• [What the task asks] Your copy should match the entries exactly, except that it holds no pictures.

• [Data to process]

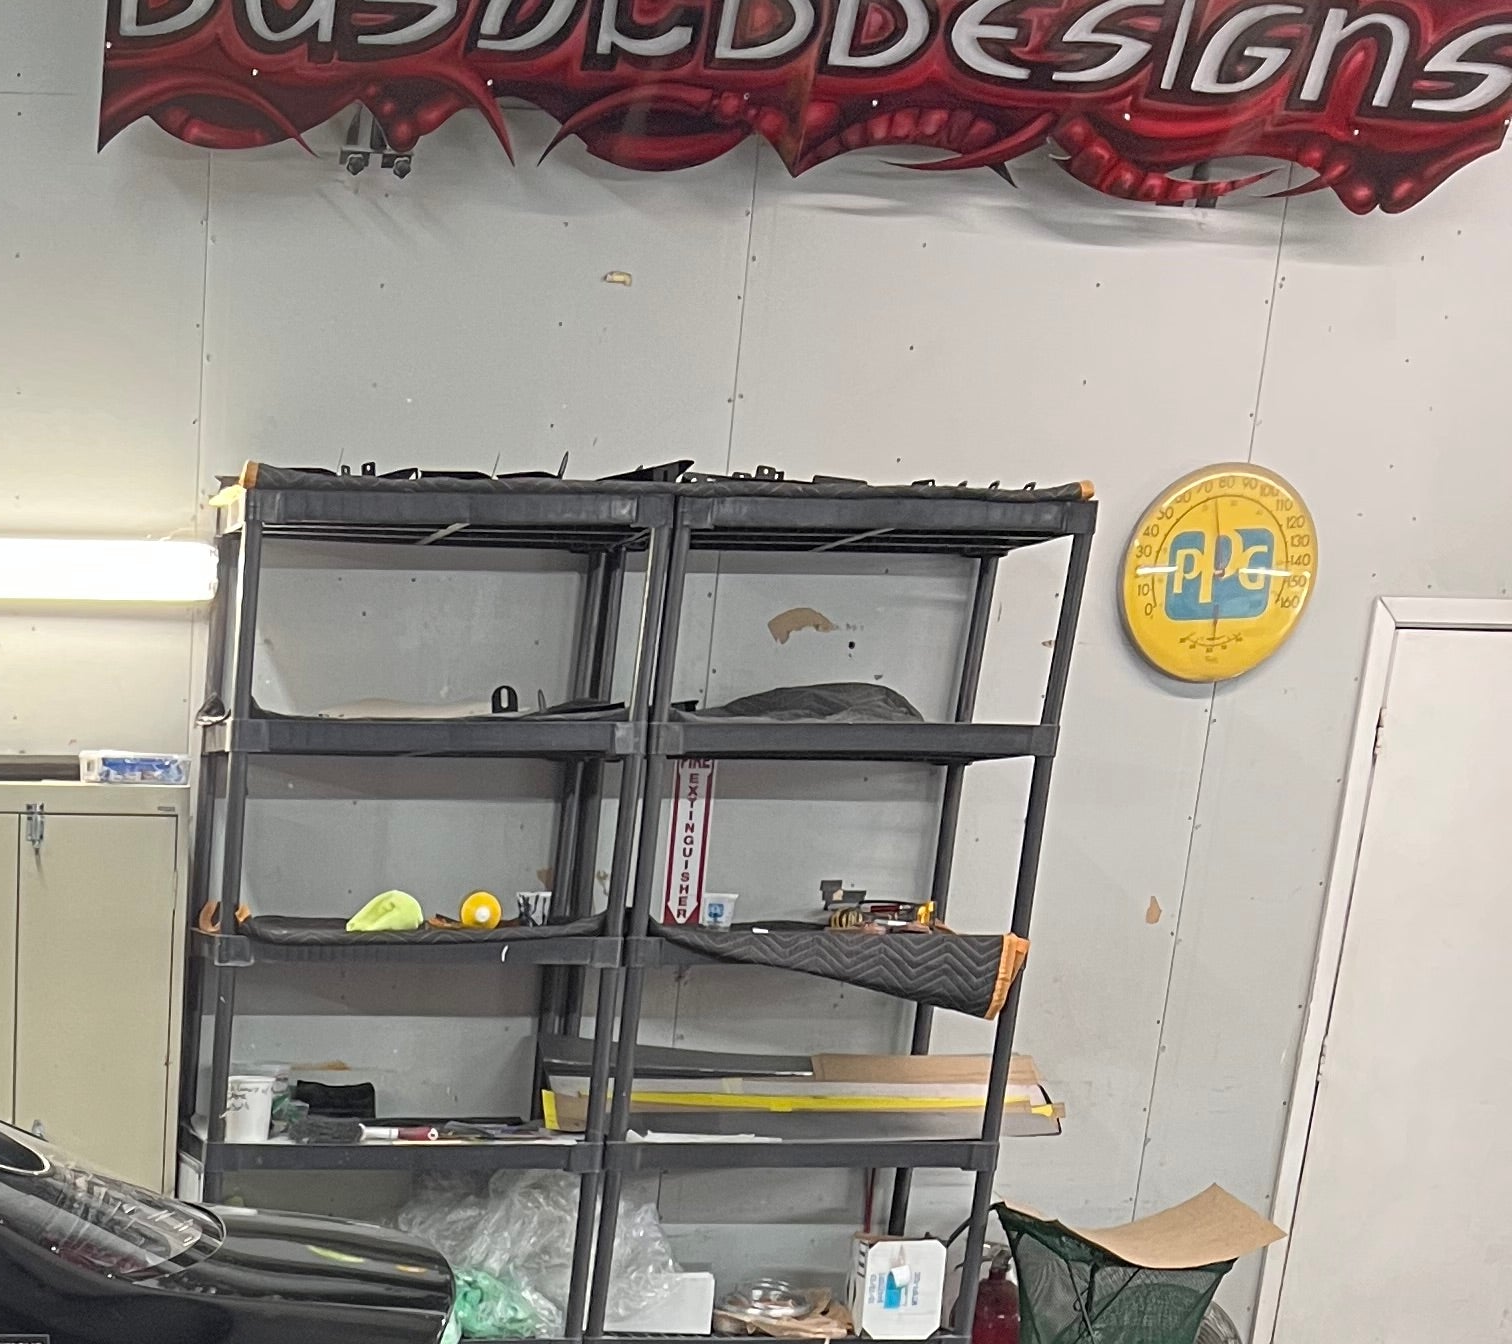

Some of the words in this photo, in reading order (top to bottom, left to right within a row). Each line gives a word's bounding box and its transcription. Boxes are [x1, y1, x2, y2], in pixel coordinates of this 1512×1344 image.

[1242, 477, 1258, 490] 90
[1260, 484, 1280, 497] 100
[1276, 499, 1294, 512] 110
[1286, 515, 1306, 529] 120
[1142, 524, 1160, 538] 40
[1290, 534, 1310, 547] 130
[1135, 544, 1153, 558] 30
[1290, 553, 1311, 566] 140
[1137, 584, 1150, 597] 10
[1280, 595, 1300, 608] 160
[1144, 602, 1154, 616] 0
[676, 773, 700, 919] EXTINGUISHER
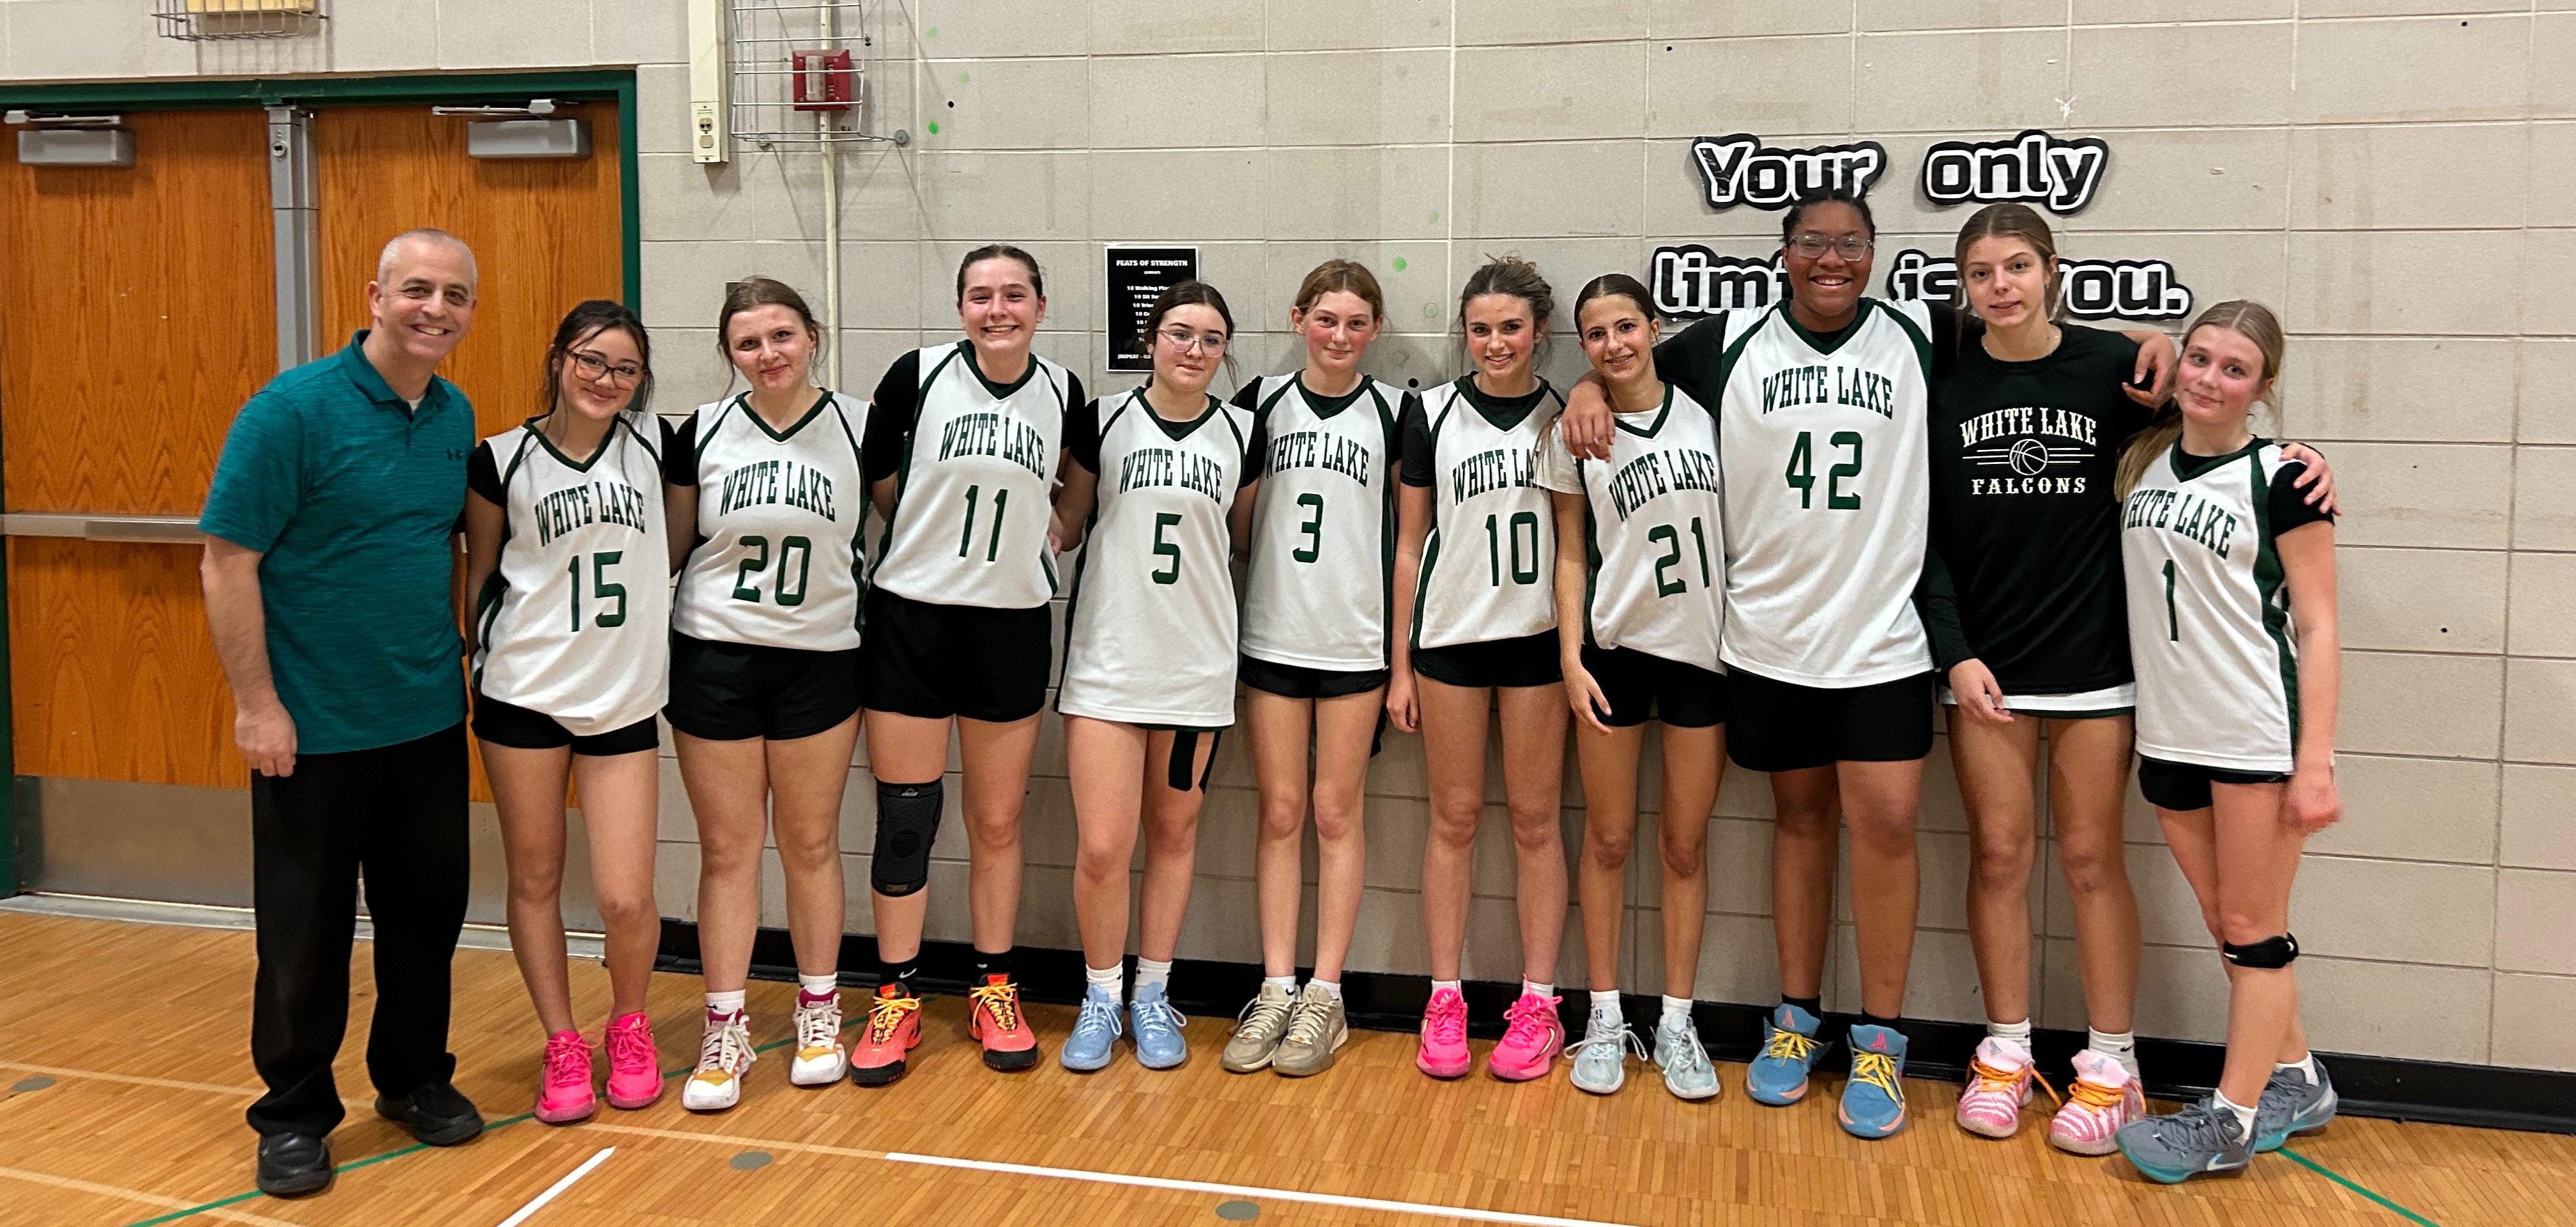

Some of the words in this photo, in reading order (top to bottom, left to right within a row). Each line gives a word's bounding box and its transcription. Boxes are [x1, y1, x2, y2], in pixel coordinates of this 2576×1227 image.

• [Solved problem]
Some of the words in this photo, in reading order (top to bottom, left to right within a row). Each line gives a word's bounding box and its transcription. Boxes are [x1, y1, x2, y2], in pixel coordinates of this 1512×1344 image.

[1242, 477, 1258, 490] 90
[1260, 484, 1280, 497] 100
[1276, 499, 1294, 512] 110
[1286, 515, 1306, 529] 120
[1142, 524, 1160, 538] 40
[1290, 534, 1310, 547] 130
[1135, 544, 1153, 558] 30
[1290, 553, 1311, 566] 140
[1137, 584, 1150, 597] 10
[1280, 595, 1300, 608] 160
[1144, 602, 1154, 616] 0
[676, 773, 700, 919] EXTINGUISHER

Some of the words in this photo, in reading order (top to bottom, left to right within a row). Each line gives a word's bounding box and its transcription. Boxes are [x1, y1, x2, y2], in pixel coordinates of this 2576×1227 image.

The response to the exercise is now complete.